Al oir estas palabras, todos temblaron y se callaron.
-¡Sálvanos, oh Dios¡ -- dijo para sí Utxin Tamayo.
- Zara, zara, ven –gritó nuevamente el anciano; yo, Lekobidi, padre de Lelo, te quiero hablar delante de todo el pueblo.
Entonces un hombre rozagante y fornido, de unos treinta años de edad, se le acercó, y cruzándose de brazos, le dijo:
-Aquí estoy; habla, señor.
Lekobidi, cuando vió a Zara, comenzó a temblar; y para no caer a tierra, tuvo que apoyar su cuerpo en el cayado de Utxin Tamayo; pero después, recobrando poco a poco las fuerzas, le habló de esta manera:
n Negros recuerdos del pasado, llegad pronto al pensamiento, no para espanto de la tierra sino para bien de lo porvenir. Oyeme, Zara.
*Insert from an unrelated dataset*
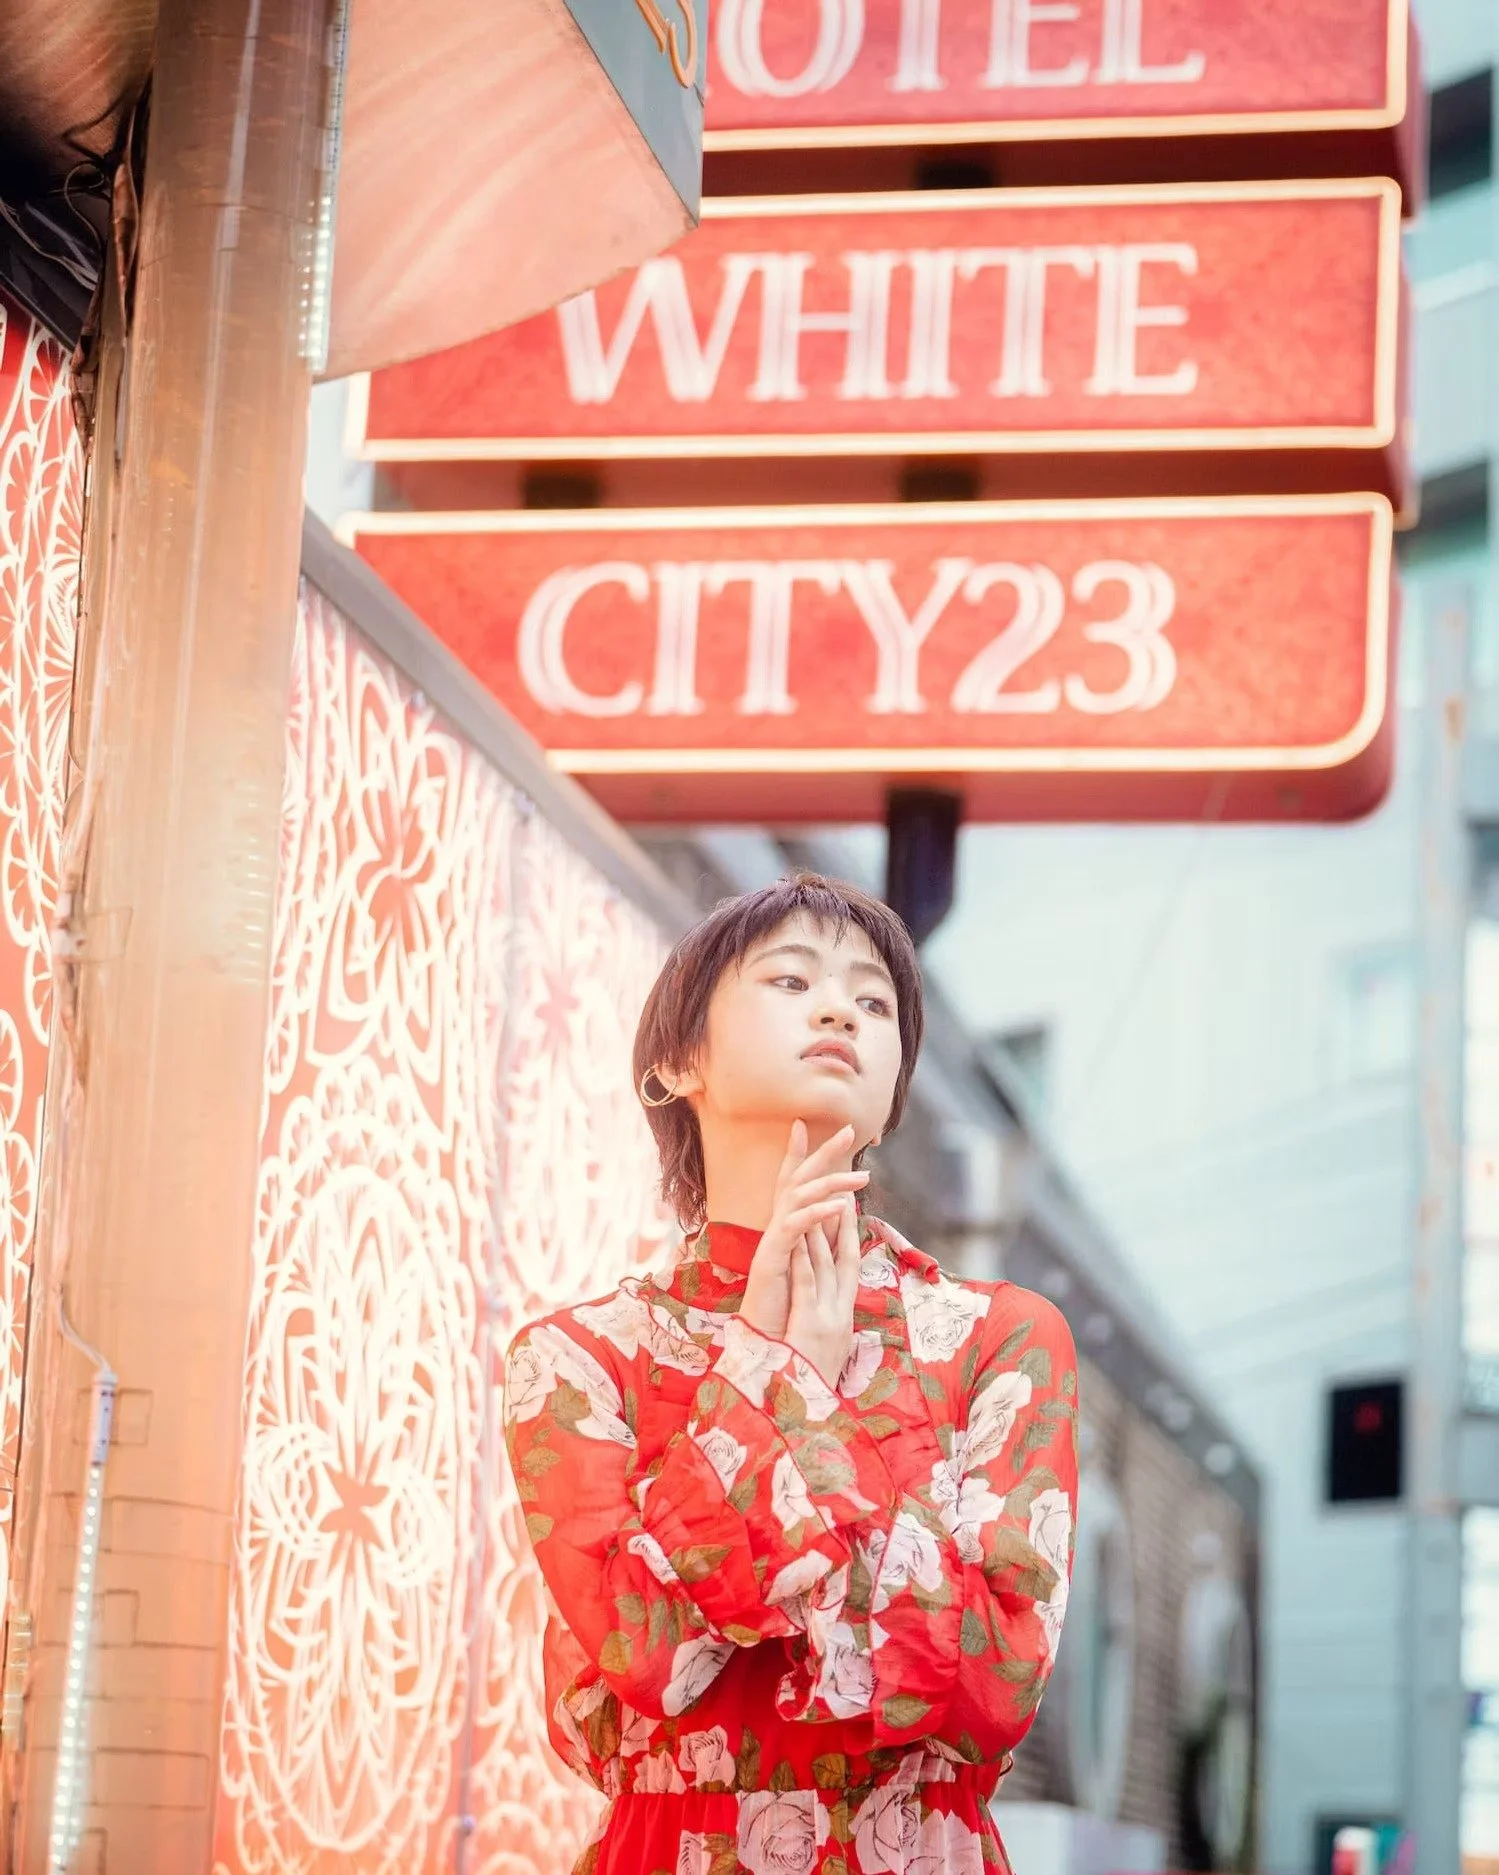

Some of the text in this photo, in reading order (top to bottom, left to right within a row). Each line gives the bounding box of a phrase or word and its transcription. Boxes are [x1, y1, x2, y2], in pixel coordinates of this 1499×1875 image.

[704, 0, 1205, 97] OTEL
[557, 244, 1199, 404] WHITE
[517, 558, 1178, 717] CITY23
-Lelo, mi hijo adorado y tú, en grande amistad vivíais. Una vez marchasteis de caza los dos a los montes de Urbasa, y cierta noche, encontrándoos muy fatigados y empapados de nieve, pegasteis en las puertas del castillo de Arañaz pidiendo hospitalidad. Begaiñ arrakill, señor del castillo mandó os abrieran las puertas, a fin de que pasarais bajo techo aquella fría noche de invierno. Cuando entrasteis en la cocina, donde árboles enteros ardían, conocisteis que Begaiñ-Arrakill era un señor muy rico y poderoso, porque había allí mucha gente. Entre aquellos montañeses, una hermosa y esbelta muchacha, más blanca que la luna y más dulce que la nieve, estaba hilando. Os sentasteis junto al fuego para secar vuestras vestiduras, y entonces la muchacha, después de coger una vasija, se os acercó, y diciendo --¡bienvenidos, señores¡-- os lavó los pies.
-En un abrir y cerrar de ojos los dos la amasteis. ¡Amor lamentable y que tanta destrucción ha traido¡.
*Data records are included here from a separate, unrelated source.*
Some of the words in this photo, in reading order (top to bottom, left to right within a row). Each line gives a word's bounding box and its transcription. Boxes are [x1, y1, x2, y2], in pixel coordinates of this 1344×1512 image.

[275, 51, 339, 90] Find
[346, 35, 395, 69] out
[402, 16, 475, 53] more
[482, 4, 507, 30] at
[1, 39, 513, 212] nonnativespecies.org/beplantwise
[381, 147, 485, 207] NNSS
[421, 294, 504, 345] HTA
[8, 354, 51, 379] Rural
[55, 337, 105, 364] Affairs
-Aquella muchacha, llamada Usoa, dió su corazón y mano a Lelo. Entonces, entonces, si, penetraron en tu alma el odio y la envidia. Antes de que terminaran las fiestas de la boda, asaltaste de noche la casa de mi hijo, y mientras él dormía, lo mataste y le robaste la esposa. ¡Crimen espantoso¡.
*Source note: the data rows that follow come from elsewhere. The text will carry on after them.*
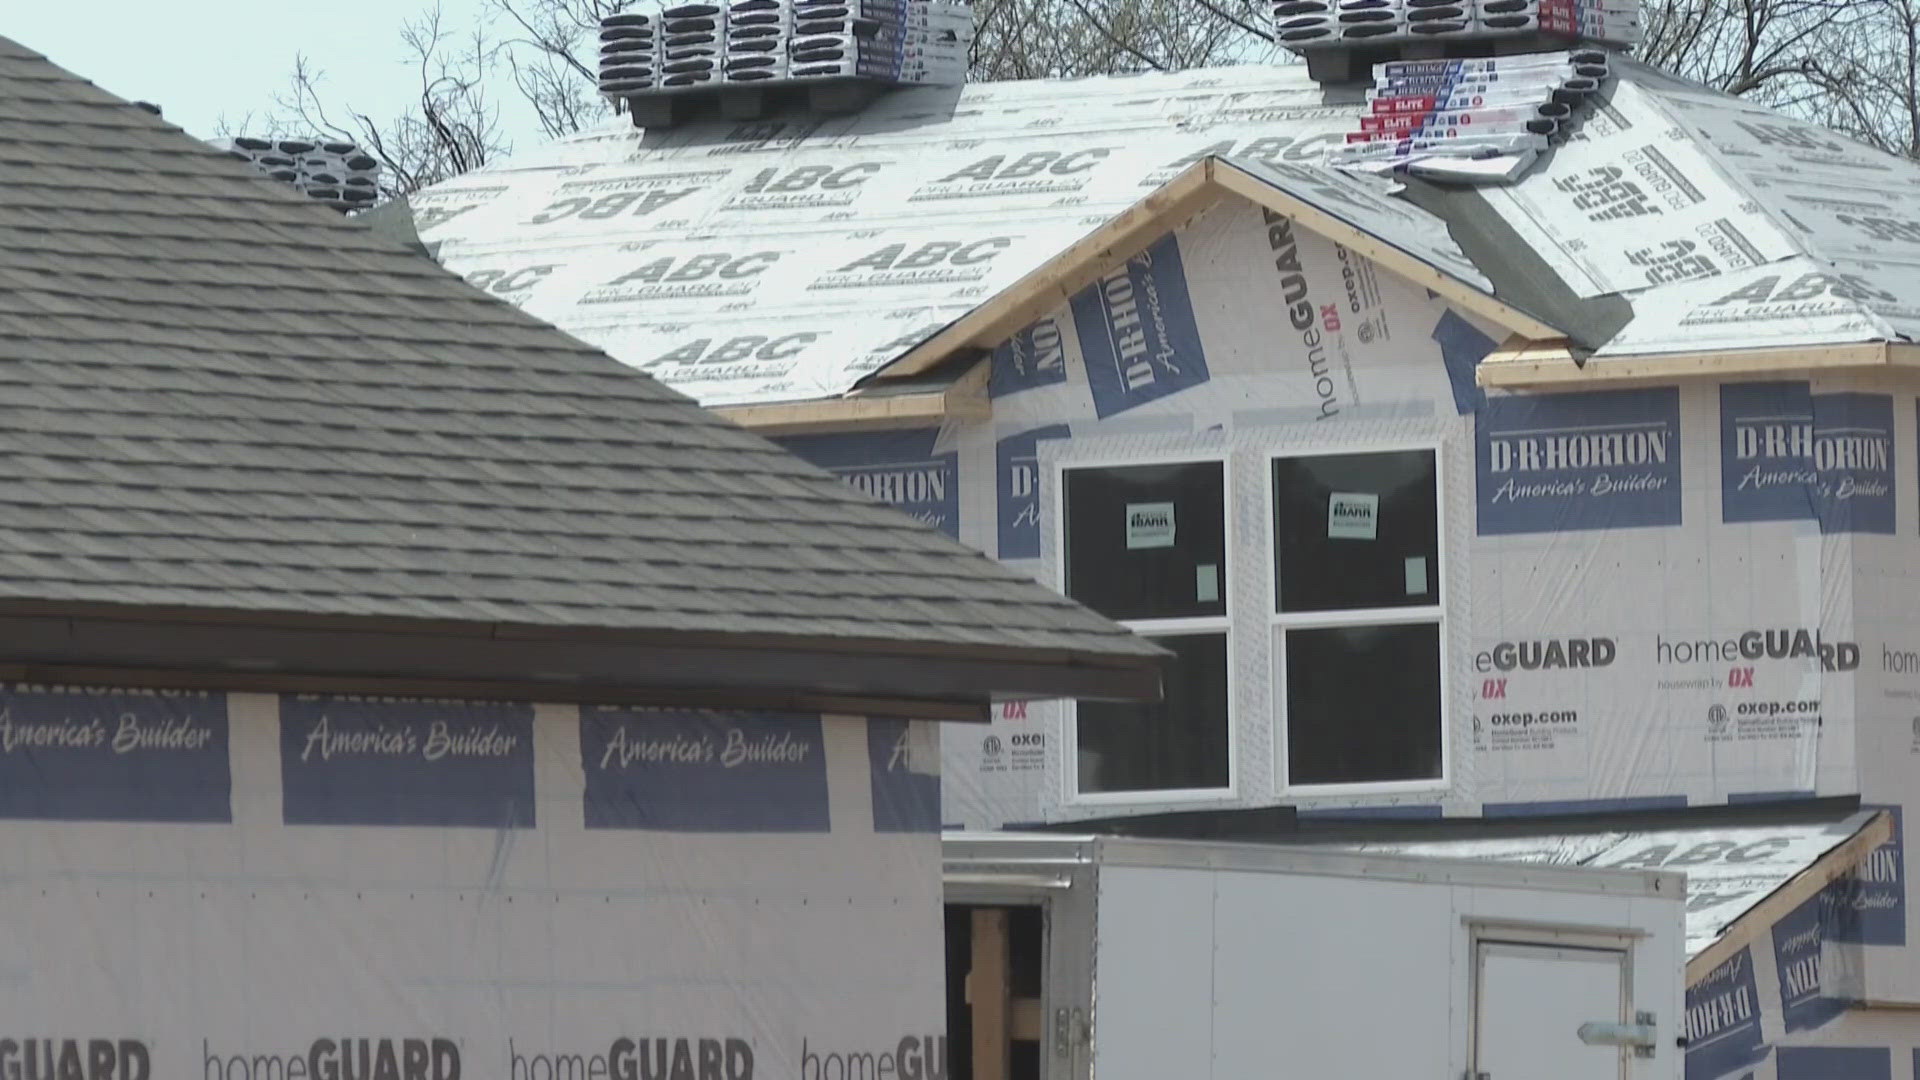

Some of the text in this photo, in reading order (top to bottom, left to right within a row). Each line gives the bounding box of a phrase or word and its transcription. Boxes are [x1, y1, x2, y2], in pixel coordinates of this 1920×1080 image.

[1406, 64, 1443, 74] HERITAGE
[1395, 98, 1424, 109] ELITE
[1384, 116, 1412, 128] ELITE
[927, 146, 1125, 183] ABC
[597, 251, 795, 286] ABC
[828, 236, 1026, 272] ABC
[1319, 303, 1342, 334] OX
[640, 331, 832, 367] ABC
[1492, 473, 1669, 504] America's Builder
[1835, 478, 1890, 500] Builder
[1481, 678, 1508, 701] OX
[1728, 666, 1756, 689] OX
[1003, 699, 1028, 719] OX
[1491, 710, 1577, 728] oxep.com
[112, 713, 212, 754] Builder
[300, 716, 517, 761] America's Builder
[600, 727, 810, 770] America's Builder
[1852, 888, 1899, 911] Builder
[204, 1037, 463, 1080] homeGUARD
[510, 1037, 754, 1080] homeGUARD
-Lelo era entonces Señor de Bizcaia para dos años, y la Junta te condenó a la pena de muerte. Pero tú, con la ayuda de tus amigos y parientes, despreciaste todas las leyes de la Junta. Desde aquel momento han venido sobre nosotros tantos y tantos perjuicios.
-Yo, para vengar la muerte de mi hijo Lelo, reuní a mis servidores y quemé tu casa, degollé tus rebaños, arranque tus sembrados, corté tus bosques, y finalmente, habiéndome apoderado de tus cinco hermanos, los ahorqué delante de la casa de tu madre ¡Acción lamentable, pero más pequeña que la tuya, aun con ser grande¡.
-Al saber estas noticias, toda la Euskal-Erria se conmovió. Alaba, Guipuzkoa y media Bizcaia tomaron las armas en tu favor; en el mío, la otra mitad de Bizcaia, Nabarra y los demás baskongados. Desde entonces dura entre nosotros la guerra civil. ¡Maldito seas, asesino de Lelo¡.
-Pero no; loco estoy. Perdóname, por favor. Para el bien de la Euskal-Erria olvidémonos de los días pasados. Yo también te he causado injusticias…; perdóname, por favor, en nombre de la Euskal-Erria. Dame la mano; te la quiero besar, y si tienes sangre de mi hijo, mis lágrimas la lavarán.
Y arrodillándose Lekobidi, comenzó a besa la mano de Zara.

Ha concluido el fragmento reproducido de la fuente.